Rainaut bowed. "You are gracious, Bondama." He knew she was not entitled to be called bondama, but he sensed she was flattered by it, and he hoped that flattery would permit him to escape without another disagreement.
"So are you, Sier Valence." She raised one arm and let it drop languidly above her head, deliberately reminding him of how he had held her down. "You are many things."
He did not want to have to listen to her catalogue nor to think of his own, so he gathered up his mantel. "I will send you word again, when it is possible for me to visit you," he told her, loathing the desire that drove him to her.
"I will count the hours in my prayers," she said, reaching out to touch his hand.
He pulled away from her. "It will not be before Sunday. I have duties, and I am to go with the Franconian pilgrims for one day on the road to Sidon." He did not add that he had requested the task.
"Only a day of escort? Only two days away from Tyre?" she asked, amused at his discomfort.
"It is what was requested. There are two knights with them who are making the pilgrimage on foot, at the order of their bishop, so they are not without protection. The robber bands will be sorry if they attack them. Those who take slaves will not find what they like among the Franconians, for all save the disgraced knights are crippled or disfigured in some way." He fastened his mantel with a square brooch that was decorated with his arms.
"Poor unfortunates," said Joivita without sympathy. "Has the pilgrimage given them back their arms and legs, I wonder, or restored their—"

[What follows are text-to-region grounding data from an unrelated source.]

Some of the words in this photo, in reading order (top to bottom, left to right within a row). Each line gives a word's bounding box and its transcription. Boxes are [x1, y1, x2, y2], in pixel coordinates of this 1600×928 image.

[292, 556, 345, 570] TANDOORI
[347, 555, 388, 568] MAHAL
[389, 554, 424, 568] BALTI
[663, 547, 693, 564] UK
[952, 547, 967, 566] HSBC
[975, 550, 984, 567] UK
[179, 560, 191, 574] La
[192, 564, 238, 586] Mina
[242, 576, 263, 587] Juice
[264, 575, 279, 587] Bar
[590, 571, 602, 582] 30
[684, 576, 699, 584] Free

"Stop," said Rainaut very quietly. "You are not to speak so again in my presence. It is blasphemy and heresy to say such things, even in jest, and I am sworn to defend the honor of Our Lord and God."
"I—" Joivita did her best not to appear as much taken aback as she was. "I never meant—"

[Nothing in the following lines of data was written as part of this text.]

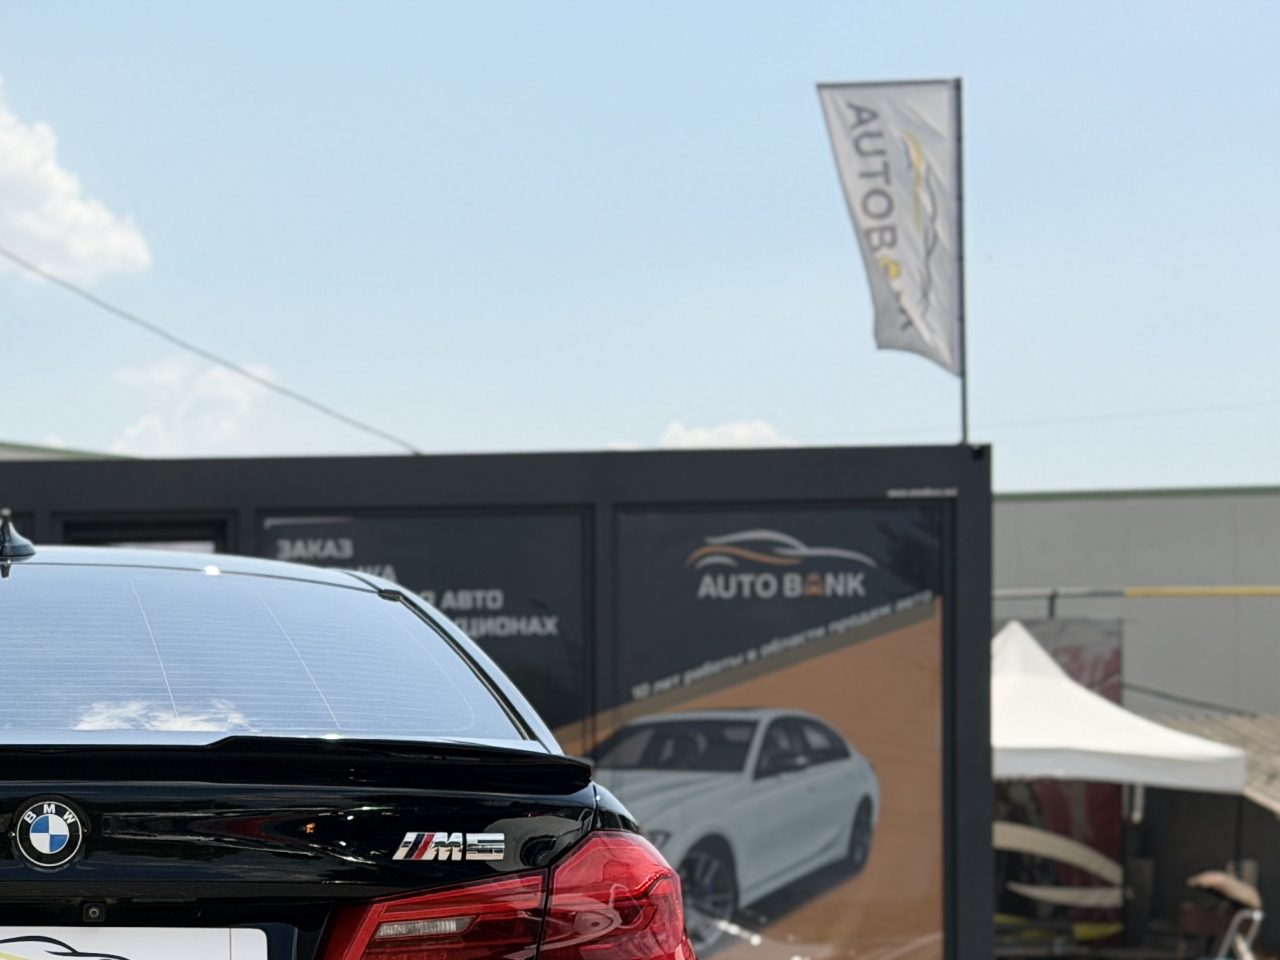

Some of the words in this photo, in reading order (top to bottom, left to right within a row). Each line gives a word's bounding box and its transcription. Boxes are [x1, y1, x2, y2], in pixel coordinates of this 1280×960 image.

[277, 538, 354, 560] ЗАКАЗ
[697, 572, 778, 599] AUTO
[440, 588, 504, 611] АВТО
[23, 803, 77, 825] BMW
[392, 831, 506, 861] M5

Rainaut nodded. "Certainly."
"I have never intended any—" She saw his face and fell silent.
He came to the side of the bed and looked down at her. "Understand me, Joivita. I am a slave to your body, but when you seek to touch my soul, then I am your executioner, though it bring me to my own death. I will risk my allotted time in Hell for you, but not my salvation."
She nodded, afraid to speak. It was delicious to feel this fear, to know beyond question that she would make him pay dearly for it. Carefully she rolled to her side and looked up at him from under her lashes.
"Your tricks are damning, Joivita. Use them at your peril." He turned away from her, his hewn countenance looking as if it had been carved out of the heart of stone.